Canada's Girl Guides say all transgender girls are welcome

After years of accepting transgender girls on a case-by-case basis, the organization has released new guidelines, advising members to be sensitive to their needs.

Three years after the Girl Guides of Canada said it would start looking at how to best welcome transgendered children, the organization has unveiled a new, all-inclusive policy.

“All persons who live their lives as female are welcome to join the organization,” said the Girl Guides. “GGC recognizes and values the richness of human diversity in its many forms, and therefore strives to ensure environments where girls and women from all walks of life, identities, and lived experiences feel a sense of belonging and can participate fully.”
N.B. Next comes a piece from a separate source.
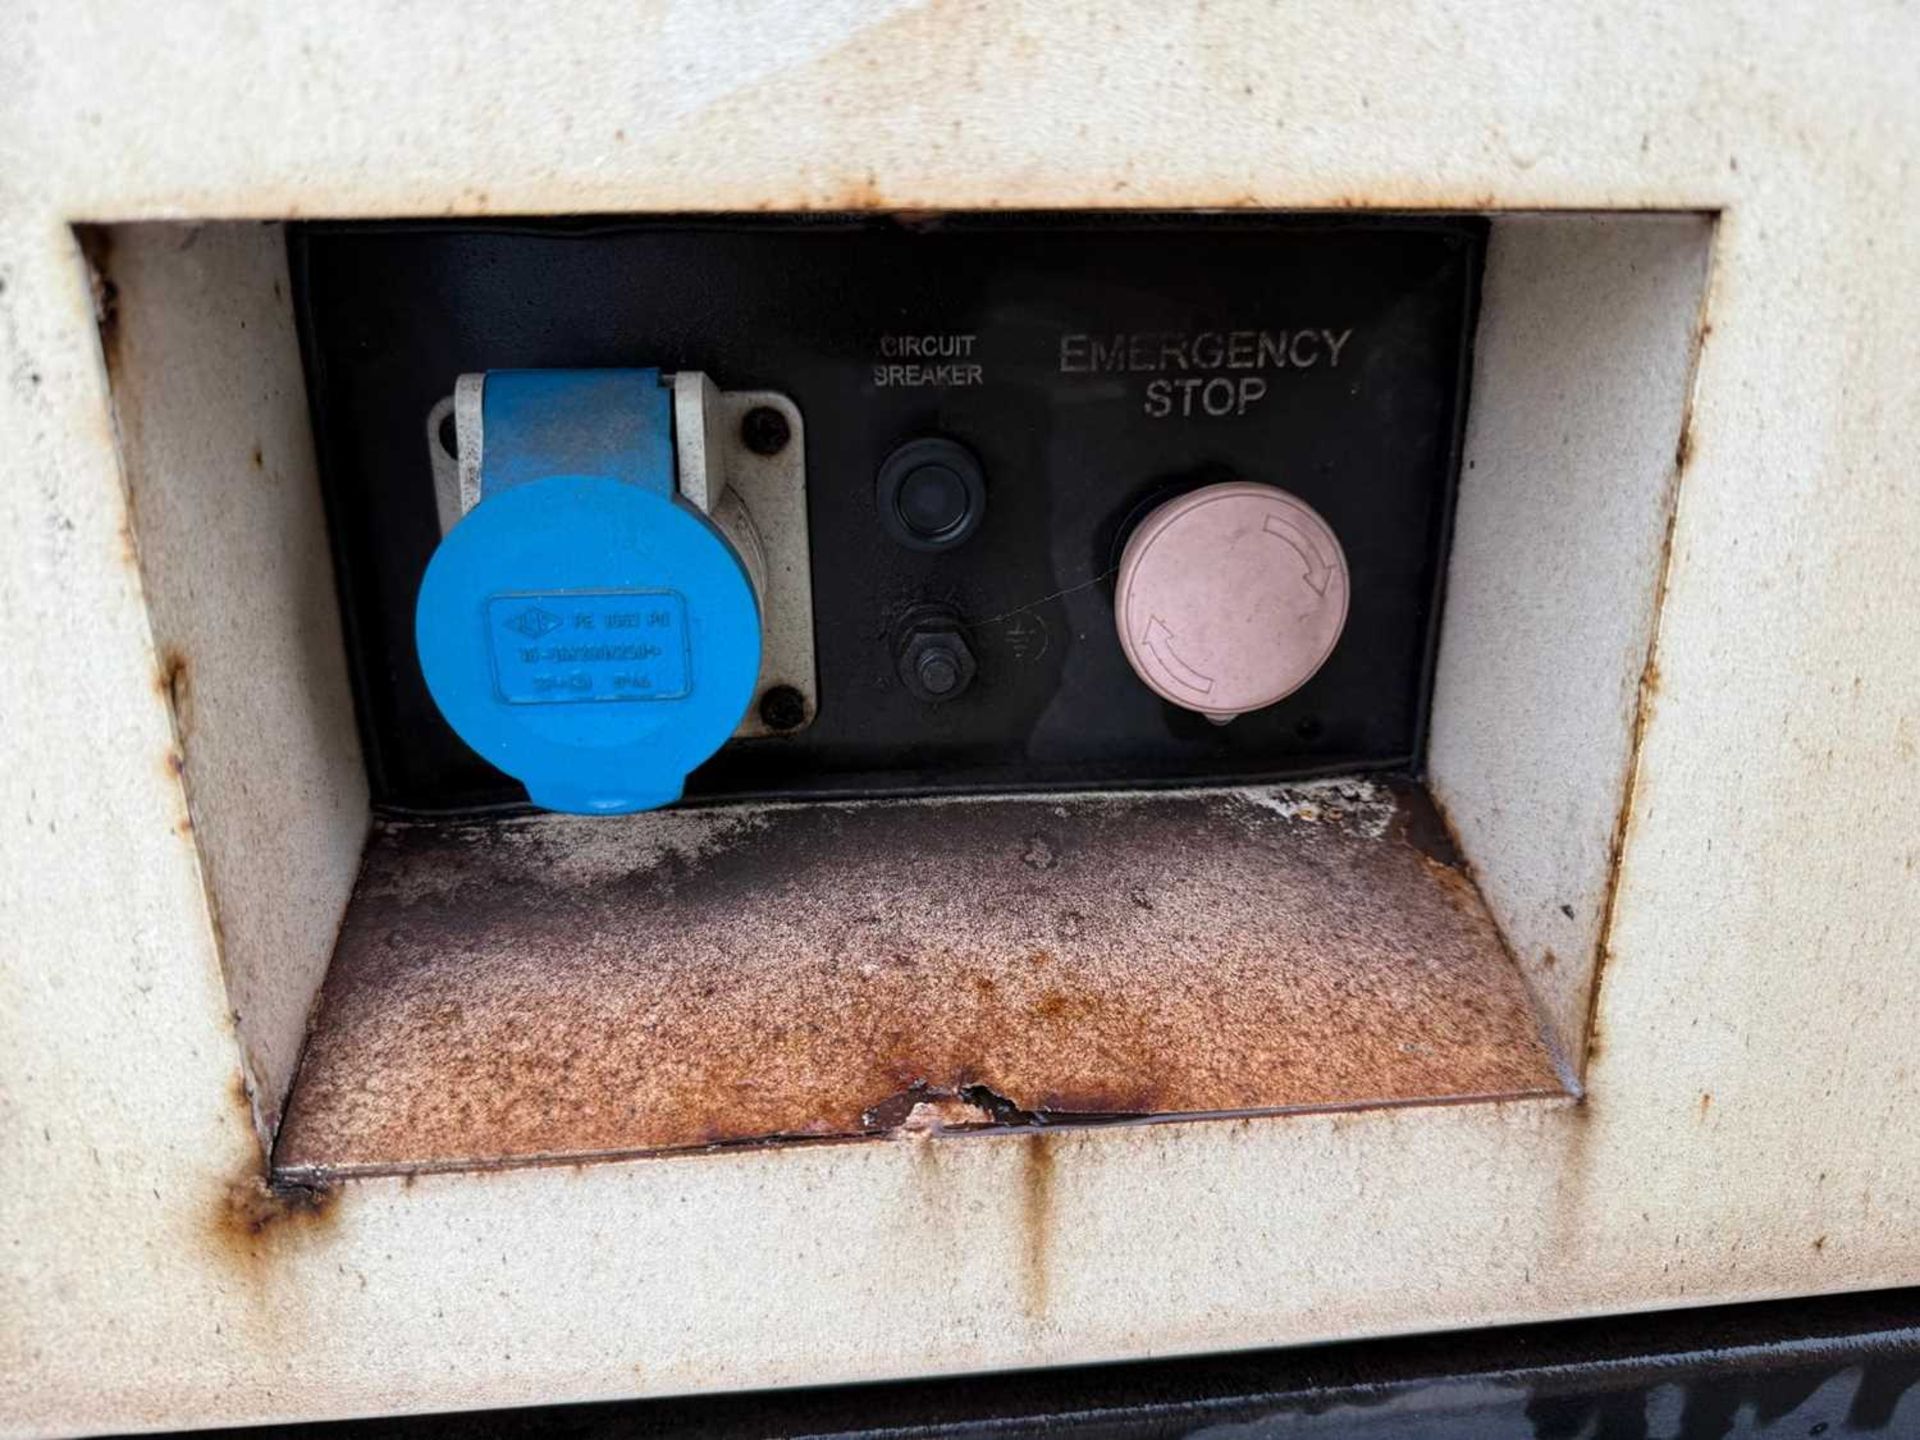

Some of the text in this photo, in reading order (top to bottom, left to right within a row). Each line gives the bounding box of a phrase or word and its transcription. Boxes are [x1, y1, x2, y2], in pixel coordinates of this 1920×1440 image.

Before this, transgender girls who wanted to join were individually evaluated, “seeking expert advice and consultation on how best to support these children and their families,” according to the group’s statement in 2012.

The guidelines now point to counselors called Unit Guiders, who will work with transgender members and their parents, as well as a designated “inclusivity specialist.”

They also list questions and answers directing members on how to be sensitive toward transgender girls. For example, “it is not the role of a Guider to judge who is and who is not a boy or girl,” the organization states.

In response to the question, “What should I do with the information that a girl is transgender?” the Girl Guides instruct their members to treat her status as confidential, “unless otherwise directed by the girl.”

The pamphlet, which offers advice on seemingly everything from which kind of bathroom to provide to whether or not to call the transgender member “her,” sheds some light on the level of understanding many are seeking. The questions are important, if a little awkward.

The Girl Guides’ statement comes just months after a Washington state council of the Girl Scouts of the United States returned a $100,000 donation that sought to exclude transgender girls, revealing the amount of controversy that surrounds membership in these programs.

“Every girl that is a Girl Scout is a Girl Scout because her parent or guardian brings her to us and says, ‘I want my child to participate,’” Megan Ferland, CEO of the Girl Scouts of Western Washington, said to Seattle Metropolitan. “And I don’t question whether or not they’re a girl.”

Youth groups aren’t the only ones trying to figure things out. In a move to raise awareness about LGBT issues, the White House in April opened its first gender-neutral bathroom, reported The Christian Science Monitor.

And this fall, an Illinois school district sprung to national attention for denying a transgender student full access to the girls’ locker room, sparking accusations of gender discrimination.

While district officials said they had offered the student a private locker room last year in efforts to respect the “privacy” of all their students, the girl’s family – and federal civil rights officials – said it amounted to stigmatizing the student.